I grew up in the city and burbs, and now I'm in the country. I absolutely love squirrel, and I do a good job of cooking it, too. 

We haven't squirrel hunted, but we have caught a few. A few years ago, we hit one crossing the road. DH stopped, I went back to the dead squirrel and popped it into the grocery sack I had in my pocket.

Squirrel in gravy for lunch.


----------



## Danaus29 (Sep 12, 2005)

I have eaten squirrel. I enjoy the flavor. 

That reminds me, there are only a few weeks left of squirrel season here. I have 3 that keep raiding my feeders.


----------



## Pony (Jan 6, 2003)

Danaus29 said:


> I have eaten squirrel. I enjoy the flavor.
> 
> That reminds me, there are only a few weeks left of squirrel season here. I have 3 that keep raiding my feeders.


Hm. Maybe I should install a bird feeder....

Nah. My Pyratolian girl would think that the bird feeder is actually a squirrel trap, and then SHE would eat the squirrels. She's a good hunter, but who wouldn't take the "fast food" way?


----------



## Snowfan (Nov 6, 2011)

Danaus29 said:


> I have eaten squirrel. I enjoy the flavor.
> 
> That reminds me, there are only a few weeks left of squirrel season here. I have 3 that keep raiding my feeders.

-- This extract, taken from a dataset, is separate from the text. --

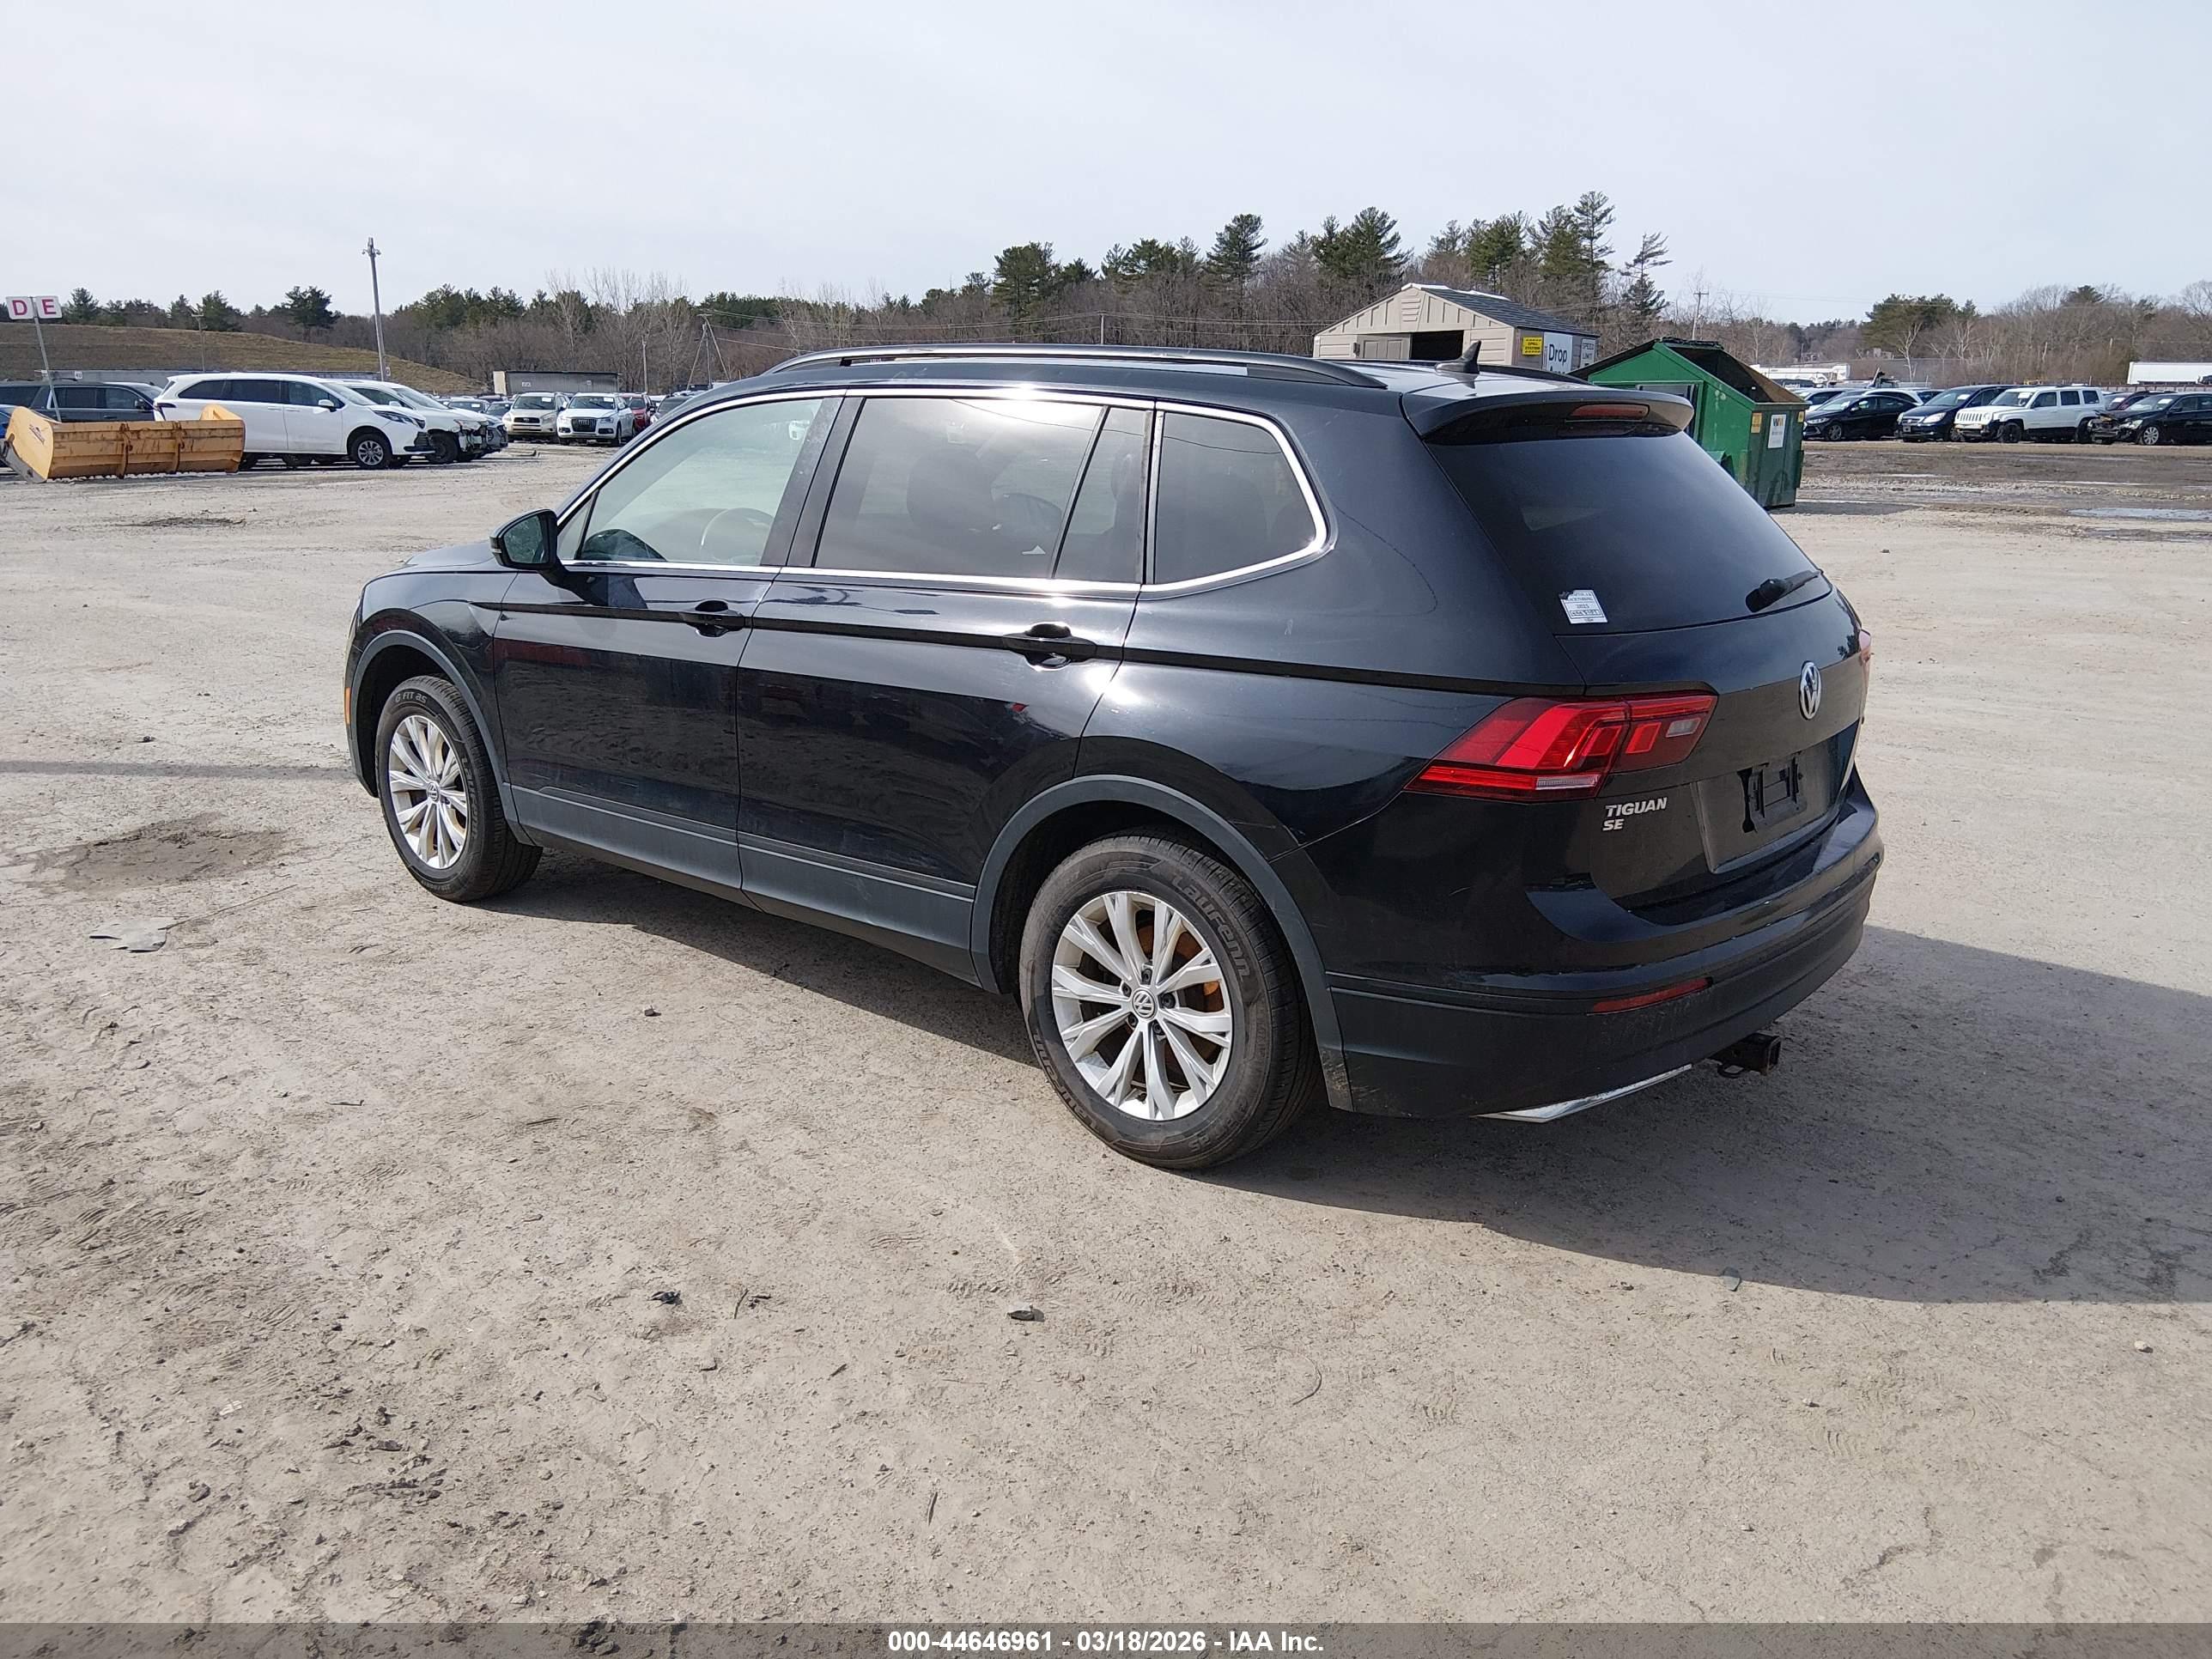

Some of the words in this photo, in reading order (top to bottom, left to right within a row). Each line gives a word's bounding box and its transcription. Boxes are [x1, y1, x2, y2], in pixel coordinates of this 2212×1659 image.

When did your squirrel season start? Our season here in Minnesota runs through the end of February. 
I agree with you about the flavor if cooked properly. Lots of recipes. Hunting them is fun, too.


----------



## Snowfan (Nov 6, 2011)

Hiro said:


> I used to. They are quite tasty. I had to start shooting them again a few years ago to get any apples and just fed them to the dogs. I really have killed enough of everything and have gone soft these days.
> 
> Though.....


I just saw the Foxtrot Juliet Bravo. Nice touch.


----------



## Danaus29 (Sep 12, 2005)

September 1st thru January 31st.

Usually by this time of year the garden has been put to bed, the leaves have been mulched and a squirrel or two has been kind enough to join me for dinner.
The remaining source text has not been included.